Task description | Return the records word for word. Pictures do not belong in the copy.

Saved entries |
*** Begin section ***

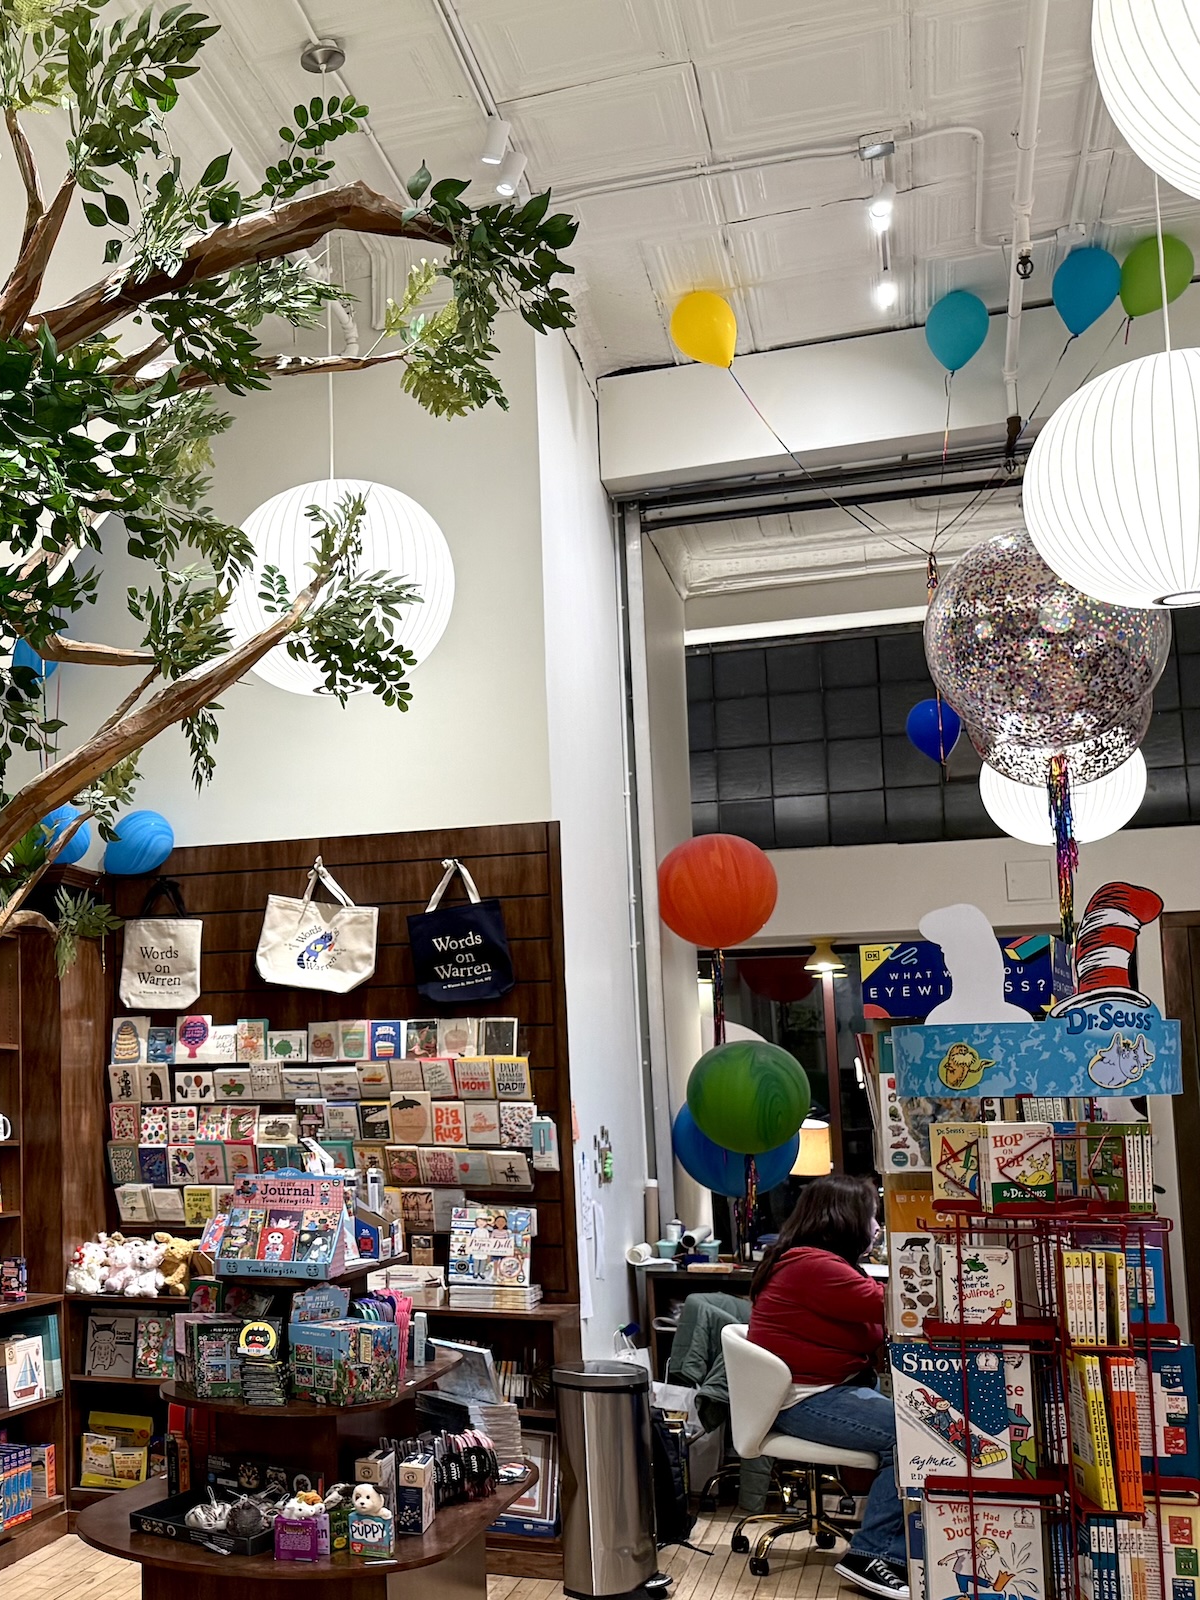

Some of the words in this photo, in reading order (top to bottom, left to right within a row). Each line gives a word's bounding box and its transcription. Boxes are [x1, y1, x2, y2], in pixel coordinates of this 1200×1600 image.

[296, 925, 322, 942] Words
[432, 931, 483, 952] Words
[140, 946, 179, 960] Words
[455, 952, 475, 964] on
[866, 952, 879, 960] DK
[155, 963, 170, 974] on
[433, 962, 492, 980] Warren
[889, 970, 932, 981] WHAT
[137, 972, 181, 987] Warren
[1099, 1003, 1155, 1031] Seuss
[434, 1107, 461, 1125] Big
[991, 1133, 1023, 1149] HOP
[994, 1153, 1025, 1169] POP
[260, 1183, 316, 1197] Journal
[1009, 1188, 1024, 1198] Dr.
[975, 1275, 988, 1283] you
[307, 1300, 335, 1310] PUZZLES
[314, 1295, 329, 1303] MINI
[902, 1352, 970, 1373] Snow
[936, 1505, 946, 1517] I
[983, 1512, 1000, 1522] Had
[983, 1523, 1013, 1540] Feet

*** End section ***

Result for this task |
Some of the words in this photo, in reading order (top to bottom, left to right within a row). Each line gives a word's bounding box and its transcription. Boxes are [x1, y1, x2, y2], in pixel coordinates of this 1200×1600 image.

[296, 925, 322, 942] Words
[432, 931, 483, 952] Words
[140, 946, 179, 960] Words
[455, 952, 475, 964] on
[866, 952, 879, 960] DK
[155, 963, 170, 974] on
[433, 962, 492, 980] Warren
[889, 970, 932, 981] WHAT
[137, 972, 181, 987] Warren
[1099, 1003, 1155, 1031] Seuss
[434, 1107, 461, 1125] Big
[991, 1133, 1023, 1149] HOP
[994, 1153, 1025, 1169] POP
[260, 1183, 316, 1197] Journal
[1009, 1188, 1024, 1198] Dr.
[975, 1275, 988, 1283] you
[307, 1300, 335, 1310] PUZZLES
[314, 1295, 329, 1303] MINI
[902, 1352, 970, 1373] Snow
[936, 1505, 946, 1517] I
[983, 1512, 1000, 1522] Had
[983, 1523, 1013, 1540] Feet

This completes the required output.